Surgió en el oriente hace más de 2000 años y sus orígenes suelen asociarse a la religión hinduista, que antiguamente obligaba a los adeptos del yoga a separarse de su familia para cumplir con rigurosas costumbres ascéticas de desapego y meditación espiritual. Sin embargo, actualmente, el yoga está por encima de las religiones, convirtiéndose en un método de mejoramiento humano que no es propiamente hindú, ni budista, ni de otro culto.
El yoga es como un árbol con diferentes ramas y variantes, de acuerdo al enfoque, temperamento y nivel de quien lo practica. La variante del yoga enfocada al esfuerzo y bienestar físico, llamada hatha yoga, es la más difundida en el mundo y es una especie de gimnasia suave que incluye diferentes ejercicios respiratorios acompañados de estiramiento, fortalecimiento, concentración, meditación y relajación; que se ponen en práctica a través de diferentes posturas conocidas como asanas.
Con estas posturas armónicas, cuerpo y mente se conectan utilizando la respiración como nexo, para que la persona sea consciente de la acción que realiza, dirigiendo la energía hacia un lugar específico; bien sea generando, liberando o concentrando energía. Estas posturas producen serenidad física y mental, por lo que incluso se pueden considerar una forma de meditación en movimiento.

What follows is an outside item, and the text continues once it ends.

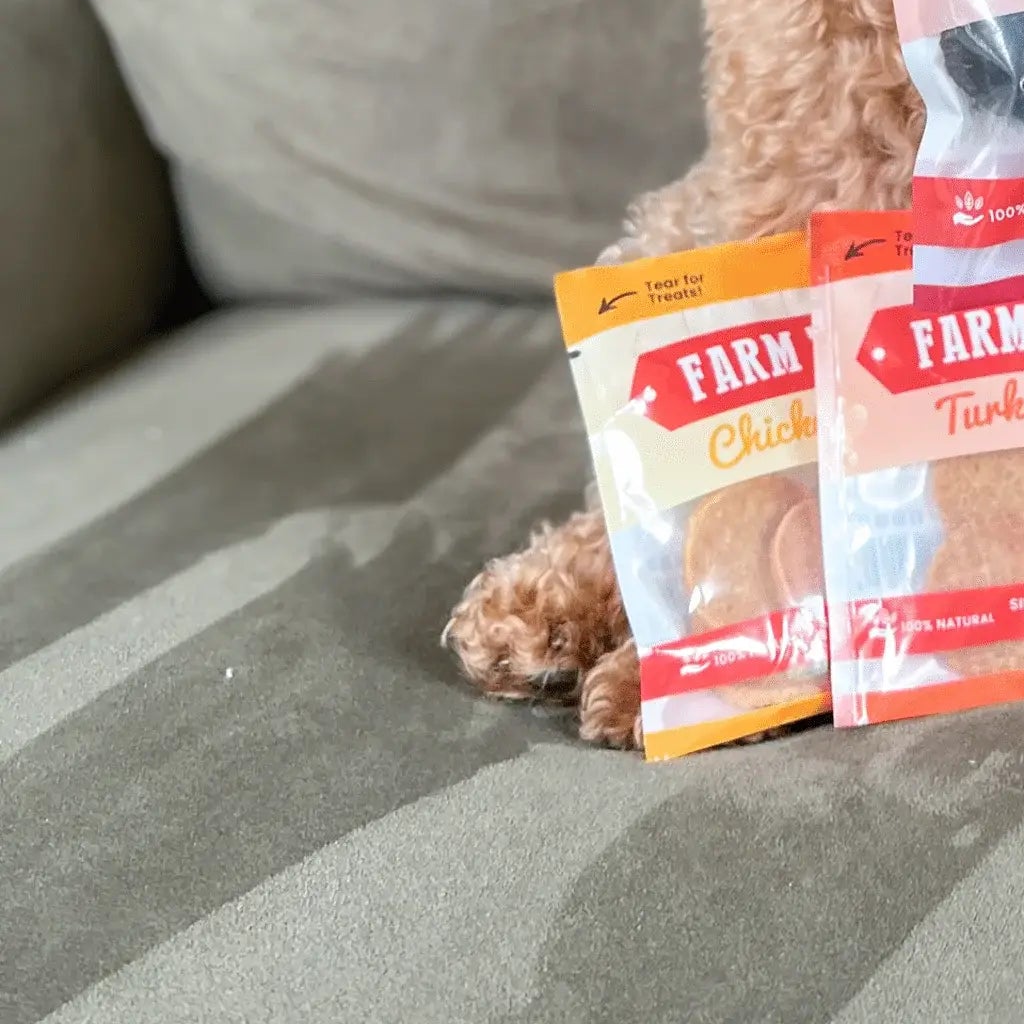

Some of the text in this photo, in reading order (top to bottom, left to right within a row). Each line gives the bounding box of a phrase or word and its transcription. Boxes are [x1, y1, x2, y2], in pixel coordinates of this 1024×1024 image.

Cada asana tiene tres etapas: adoptar la postura, mantenerla y deshacerla. Los movimientos han de ser gráciles, como los de un felino y, según el progreso de cada individuo, serán mantenidas de 15 segundos a 3 minutos; siempre con breves descansos entre una postura y otra. Todas las asanas deben acompañarse del pranayama (control de la energía vital del aliento), que consiste en una respiración controlada, rítmica y profunda.
Cuando se experimentan nuevas posturas se debe ser paciente, se irán haciendo más confortables y estables en la medida que se practican. Si no salen bien, hay que seguir intentándolo. La esencia del yoga está en la práctica, es necesario que el cuerpo y la mente se vayan acomodando a esta nueva experiencia. Sólo con el tiempo, la constancia y la paciencia se progresa.
Hacer yoga está al alcance de todos y aporta múltiples beneficios a nivel físico, mental, espiritual, emocional y energético. Cualquier persona puede enriquecerse con su práctica porque no hay límite de edad, ni impedimento físico, para realizarlo; desde personas sanas, niños, embarazadas, adultos mayores, hasta personas con padecimientos asmáticos, cardíacos, diabéticos, motrices, óseos, entre otros.
Practicar yoga permite mejorar el equilibrio y la coordinación física, aumentar la flexibilidad, elevar la resistencia física al esfuerzo, tonificar y fortalecer la musculatura, controlar el peso y moldear la figura, prevenir dolencias, eliminar tensiones, mejora la calidad del sueño; también ayuda a regular las funciones respiratorias, circulatorias, digestivas y glandulares.
Definitivamente el yoga es una maravillosa forma de mantener el cuerpo joven y saludable. Comenzar a practicarlo puede cambiar profundamente la vida de una persona, aumentando su fuerza interior mientras mejora la condición general del cuerpo.
El yoga es una maravillosa forma de mantener el cuerpo joven y saludable.